**Task:** Without the pictures, give the records again exactly as they appear.

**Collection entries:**
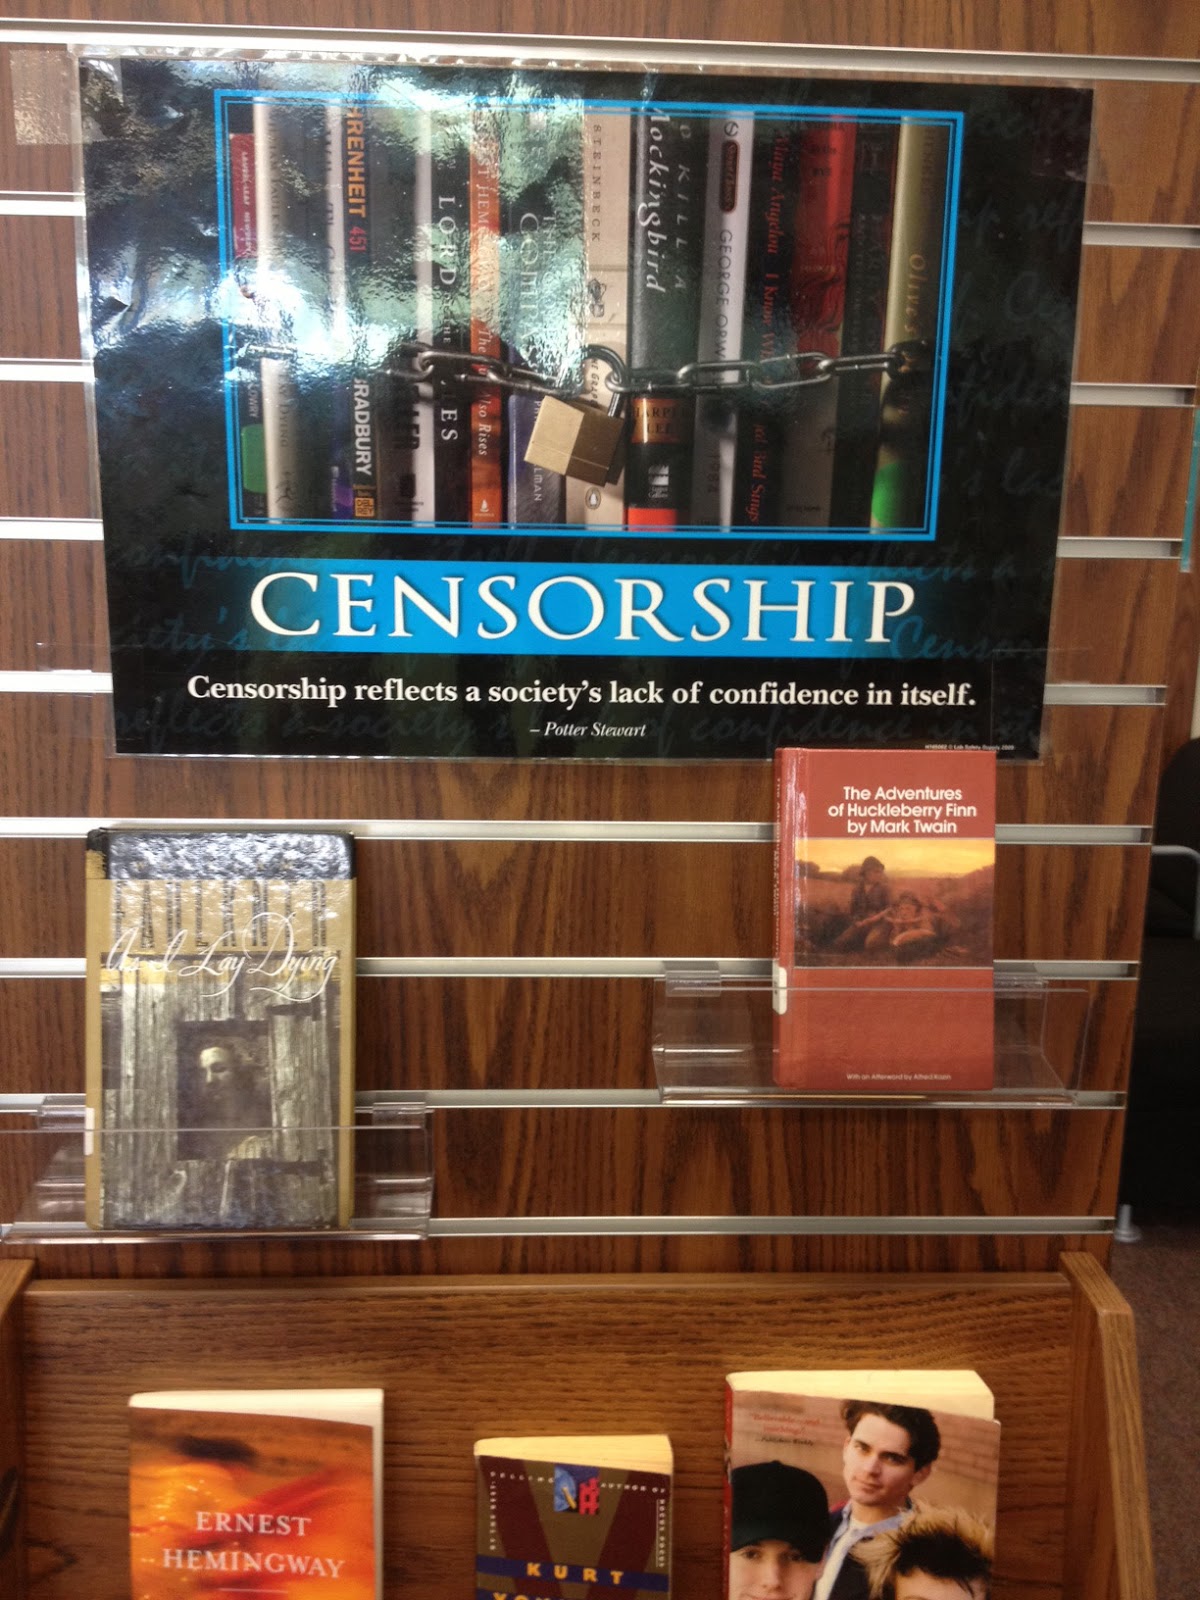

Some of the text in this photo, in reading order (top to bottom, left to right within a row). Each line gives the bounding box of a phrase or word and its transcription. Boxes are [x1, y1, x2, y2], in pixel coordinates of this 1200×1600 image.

[591, 124, 602, 243] STEINBECK
[764, 186, 786, 254] Angelou
[349, 226, 367, 253] 451
[438, 195, 457, 285] LORD
[716, 229, 733, 306] GEORGE
[477, 423, 491, 456] Rises
[250, 571, 916, 643] CENSORSHIP
[187, 674, 977, 711] Censorship reflects a society's lack of confidence in itself.
[544, 721, 589, 738] Potter
[590, 721, 647, 738] Stewart
[843, 786, 962, 801] The Adventures
[828, 802, 978, 820] of Huckleberry Finn
[847, 819, 958, 837] by Mark Twain
[178, 930, 247, 998] Lay
[241, 912, 339, 1002] Dying
[904, 1074, 912, 1082] by
[195, 1510, 312, 1537] ERNEST
[161, 1547, 347, 1580] HEMINGWAY
[526, 1561, 625, 1586] KURT
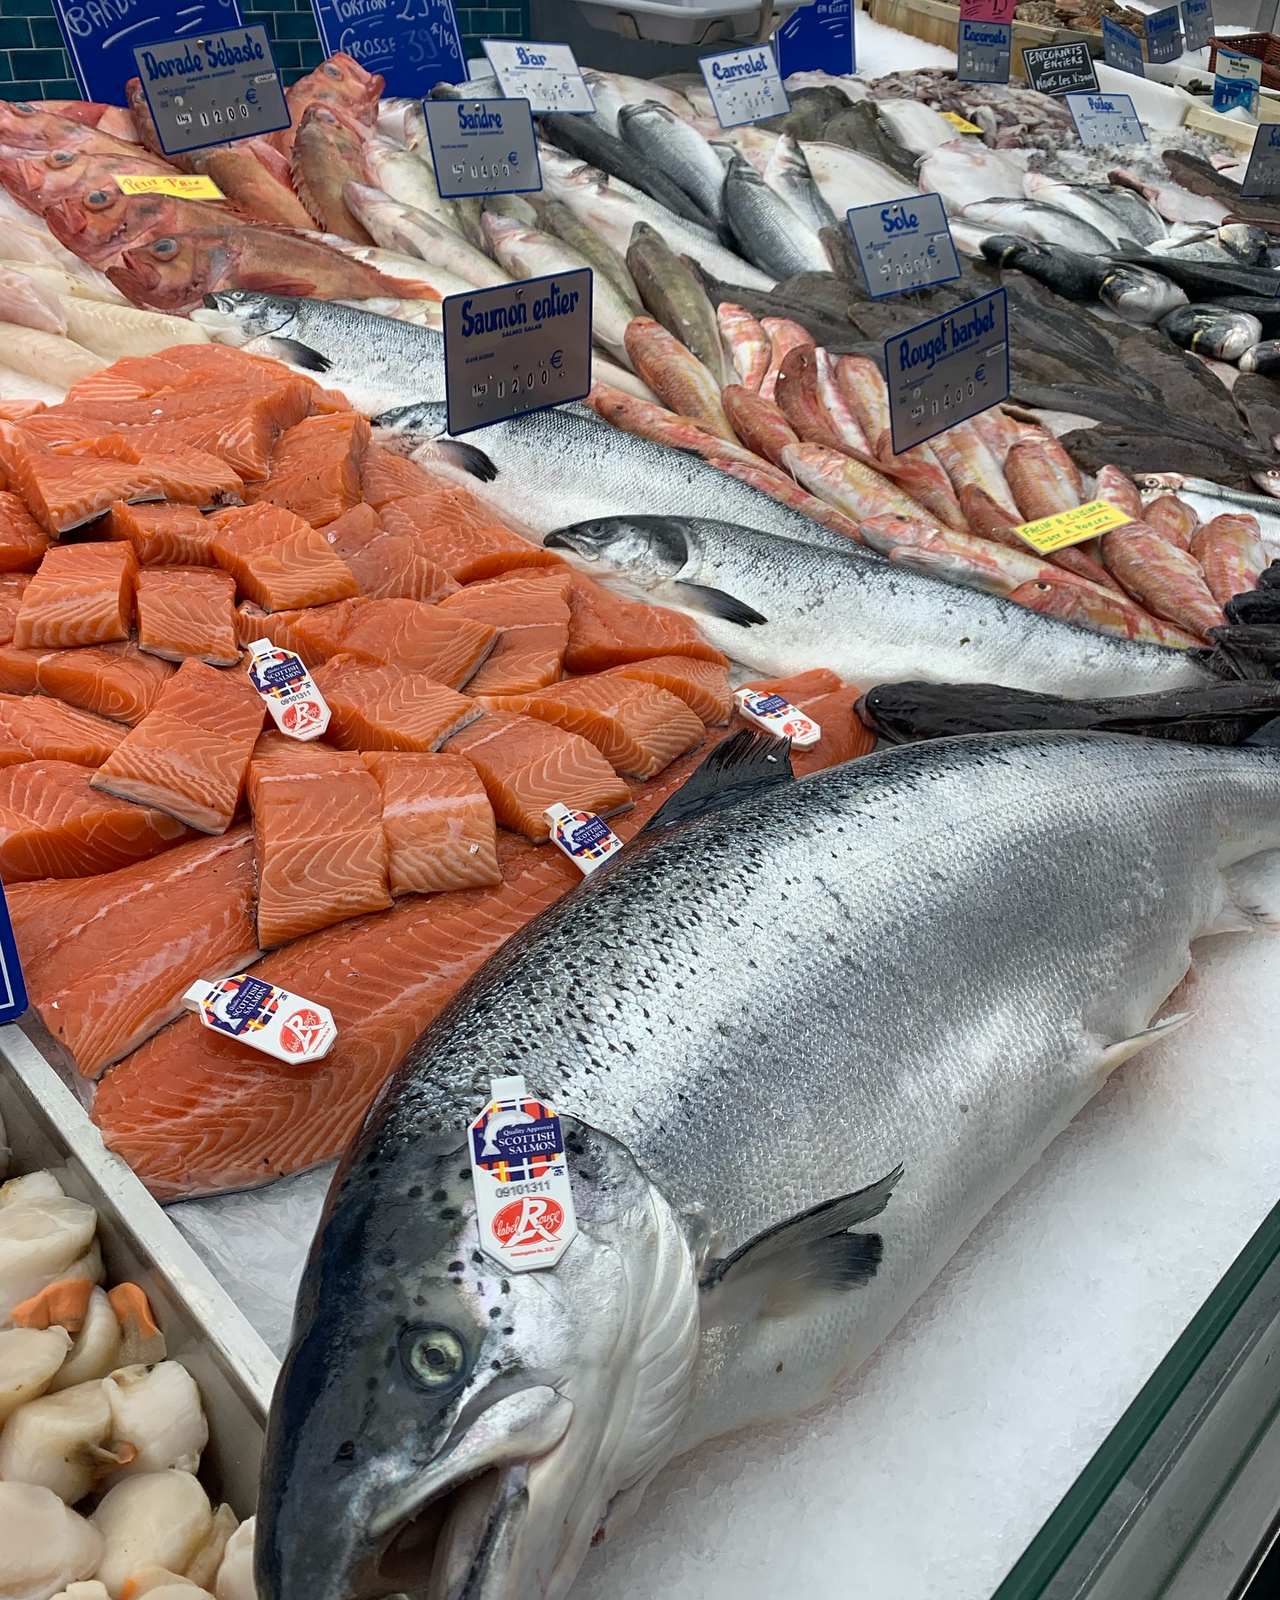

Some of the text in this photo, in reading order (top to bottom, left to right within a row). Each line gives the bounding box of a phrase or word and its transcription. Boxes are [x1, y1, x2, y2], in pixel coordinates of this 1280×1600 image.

[141, 44, 203, 80] Dorade
[205, 33, 265, 68] Sébaste
[516, 46, 546, 65] Bar
[711, 52, 768, 80] Carrelet
[457, 104, 504, 129] Sandre
[880, 206, 919, 232] Sole
[462, 282, 579, 337] Saumon entier
[900, 321, 947, 371] Rouget
[951, 302, 995, 348] barbet
[550, 350, 564, 369] €
[266, 665, 300, 680] SCOTTISH
[575, 823, 604, 842] SCOTTISH
[232, 983, 262, 1017] SCOTTISH
[243, 985, 268, 1016] SALMON
[498, 1131, 556, 1147] SCOTTISH
[503, 1124, 554, 1137] Quality Approved
[509, 1141, 557, 1155] SALMON
[495, 1181, 551, 1198] 09101311

**Solution to this exercise:**
Some of the text in this photo, in reading order (top to bottom, left to right within a row). Each line gives the bounding box of a phrase or word and its transcription. Boxes are [x1, y1, x2, y2], in pixel coordinates of this 1200×1600 image.

[591, 124, 602, 243] STEINBECK
[764, 186, 786, 254] Angelou
[349, 226, 367, 253] 451
[438, 195, 457, 285] LORD
[716, 229, 733, 306] GEORGE
[477, 423, 491, 456] Rises
[250, 571, 916, 643] CENSORSHIP
[187, 674, 977, 711] Censorship reflects a society's lack of confidence in itself.
[544, 721, 589, 738] Potter
[590, 721, 647, 738] Stewart
[843, 786, 962, 801] The Adventures
[828, 802, 978, 820] of Huckleberry Finn
[847, 819, 958, 837] by Mark Twain
[178, 930, 247, 998] Lay
[241, 912, 339, 1002] Dying
[904, 1074, 912, 1082] by
[195, 1510, 312, 1537] ERNEST
[161, 1547, 347, 1580] HEMINGWAY
[526, 1561, 625, 1586] KURT

Some of the text in this photo, in reading order (top to bottom, left to right within a row). Each line gives the bounding box of a phrase or word and its transcription. Boxes are [x1, y1, x2, y2], in pixel coordinates of this 1280×1600 image.

[141, 44, 203, 80] Dorade
[205, 33, 265, 68] Sébaste
[516, 46, 546, 65] Bar
[711, 52, 768, 80] Carrelet
[457, 104, 504, 129] Sandre
[880, 206, 919, 232] Sole
[462, 282, 579, 337] Saumon entier
[900, 321, 947, 371] Rouget
[951, 302, 995, 348] barbet
[550, 350, 564, 369] €
[266, 665, 300, 680] SCOTTISH
[575, 823, 604, 842] SCOTTISH
[232, 983, 262, 1017] SCOTTISH
[243, 985, 268, 1016] SALMON
[498, 1131, 556, 1147] SCOTTISH
[503, 1124, 554, 1137] Quality Approved
[509, 1141, 557, 1155] SALMON
[495, 1181, 551, 1198] 09101311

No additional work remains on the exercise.